**Exercise requirements:** Without the images, print every line of the material below exactly as given.

---------- Records to use

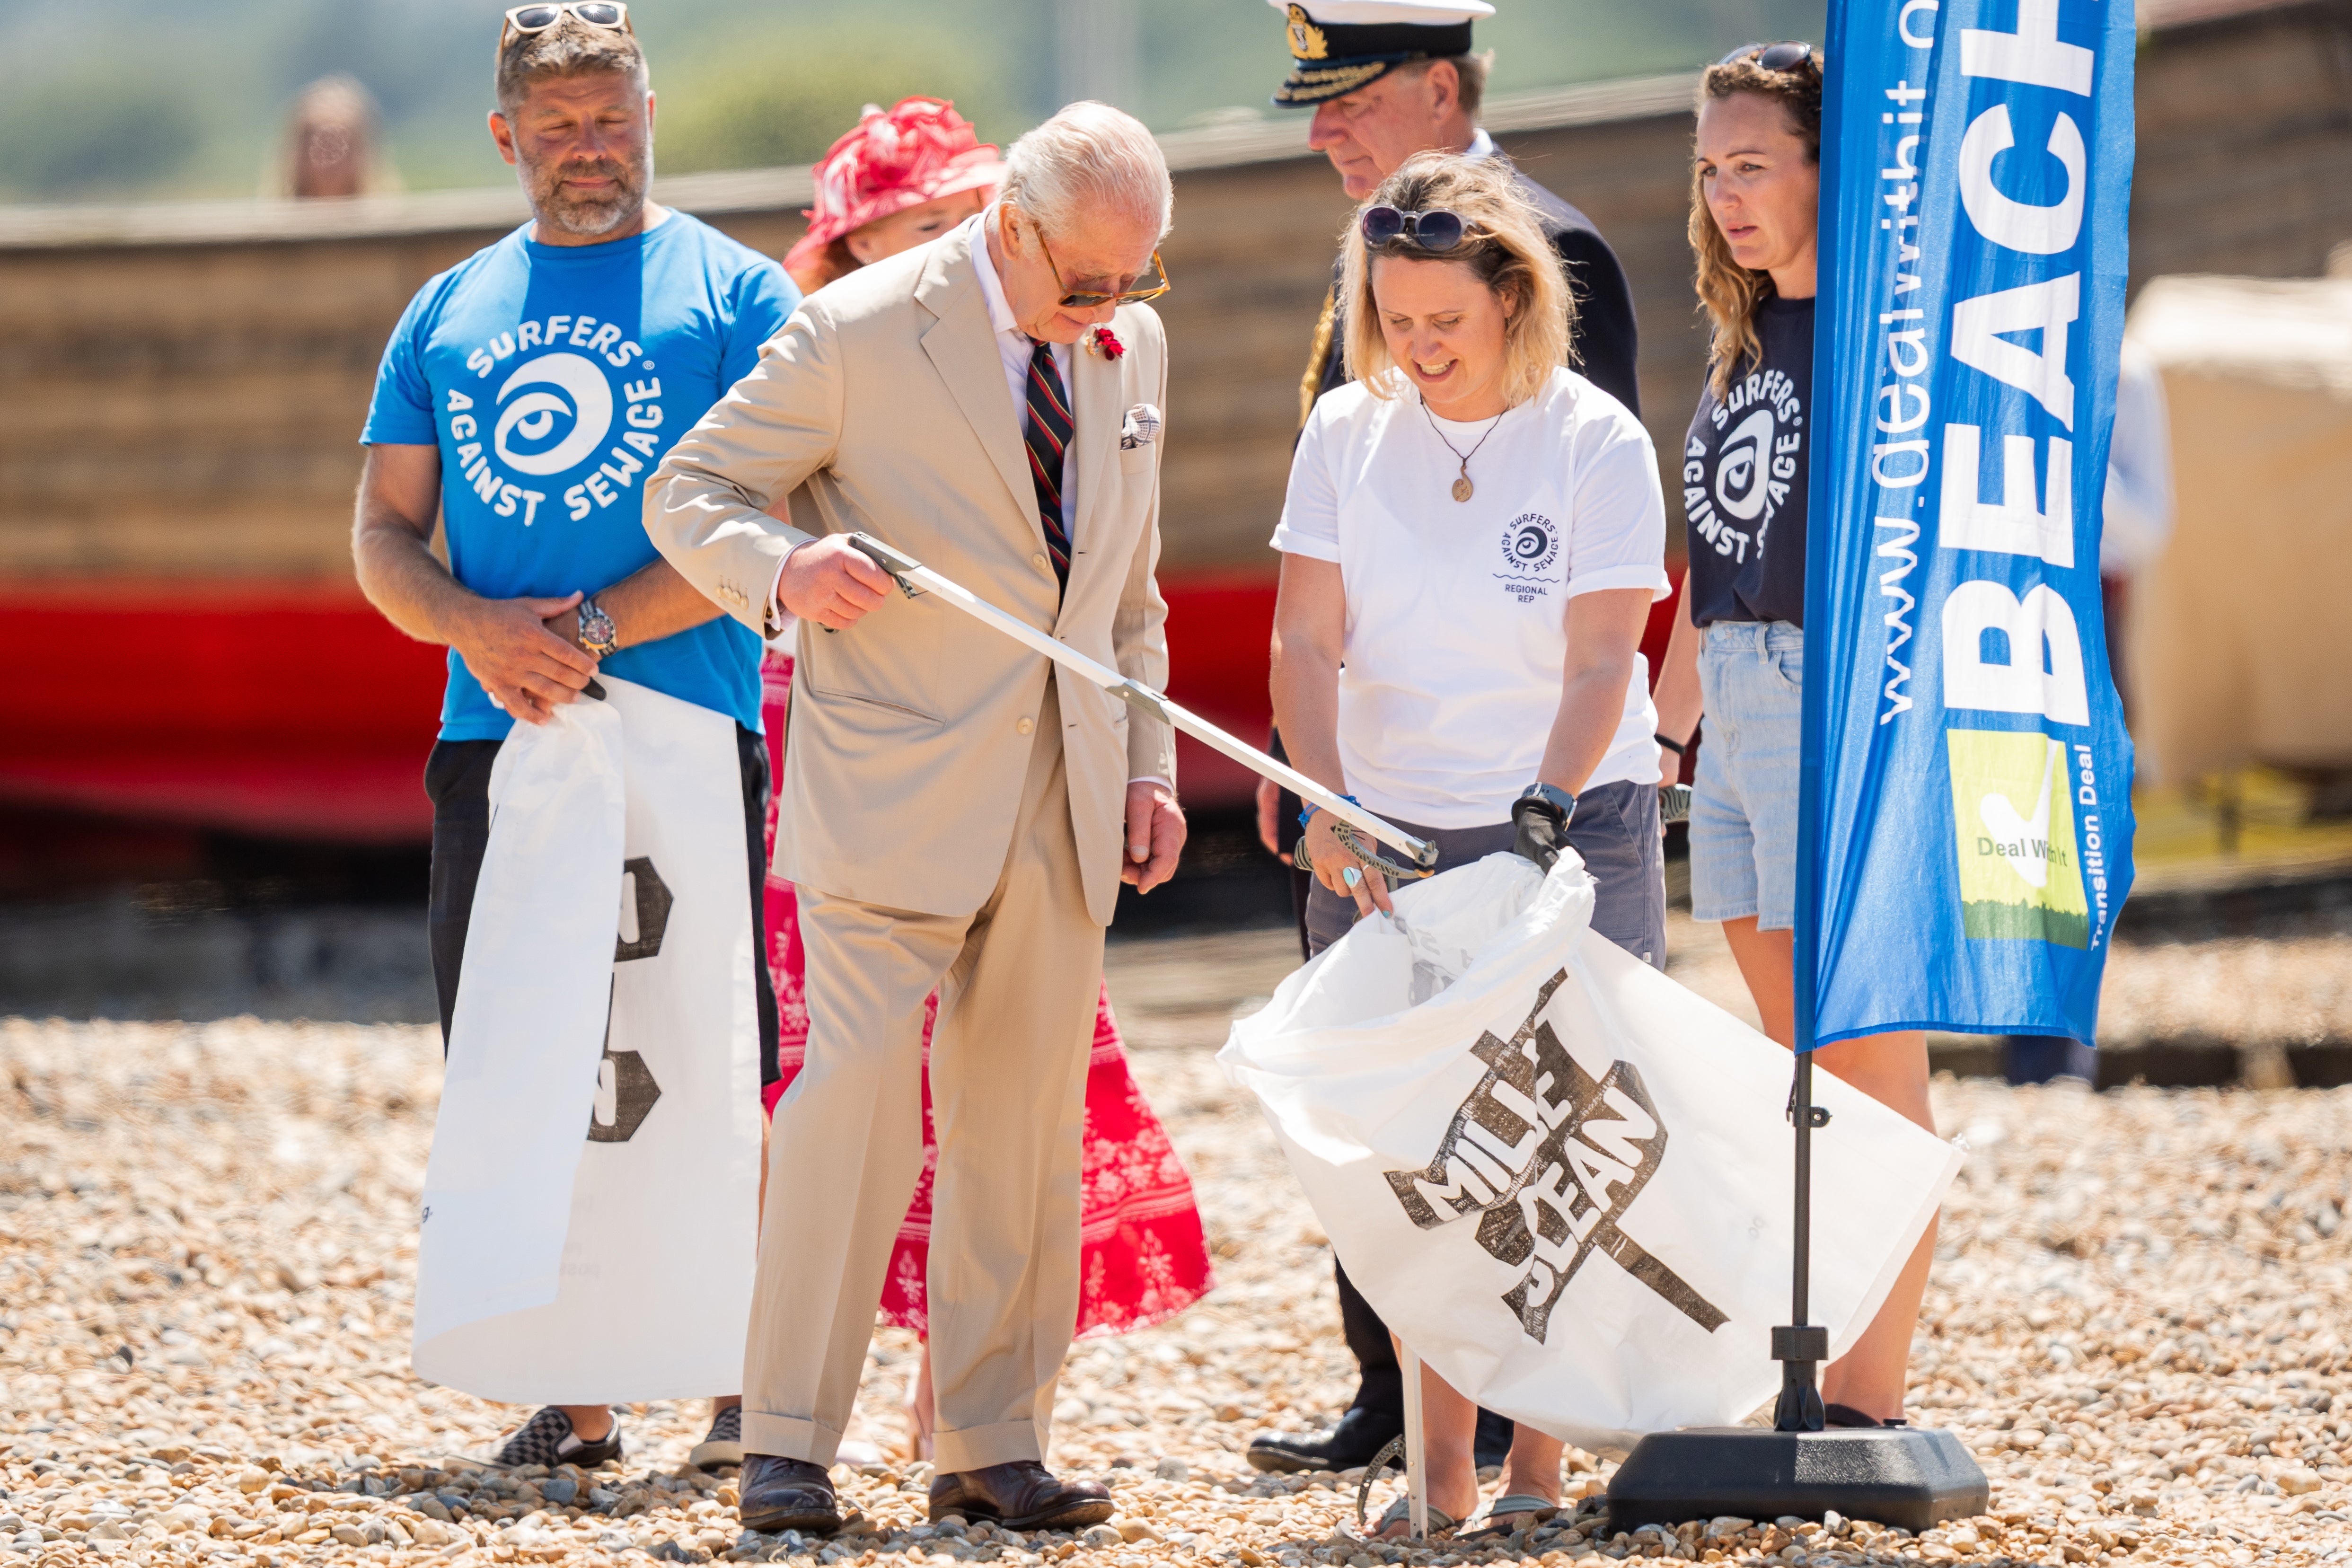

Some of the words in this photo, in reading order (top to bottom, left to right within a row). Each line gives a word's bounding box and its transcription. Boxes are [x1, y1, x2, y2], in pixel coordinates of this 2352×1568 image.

[1940, 0, 2098, 726] BEACH
[447, 389, 546, 526] AGAINST
[564, 377, 663, 521] SEWAGE
[1683, 436, 1750, 564] AGAINST
[1501, 532, 1528, 572] AGAINST
[1533, 537, 1559, 572] SEWAGE
[1505, 584, 1548, 595] REGIONAL
[1518, 595, 1534, 603] REP
[2074, 744, 2097, 805] Deal
[1977, 837, 2026, 857] Deal
[2084, 815, 2107, 951] Transition

--------------------

**Response to this exercise:**
Some of the words in this photo, in reading order (top to bottom, left to right within a row). Each line gives a word's bounding box and its transcription. Boxes are [x1, y1, x2, y2], in pixel coordinates of this 2352×1568 image.

[1940, 0, 2098, 726] BEACH
[447, 389, 546, 526] AGAINST
[564, 377, 663, 521] SEWAGE
[1683, 436, 1750, 564] AGAINST
[1501, 532, 1528, 572] AGAINST
[1533, 537, 1559, 572] SEWAGE
[1505, 584, 1548, 595] REGIONAL
[1518, 595, 1534, 603] REP
[2074, 744, 2097, 805] Deal
[1977, 837, 2026, 857] Deal
[2084, 815, 2107, 951] Transition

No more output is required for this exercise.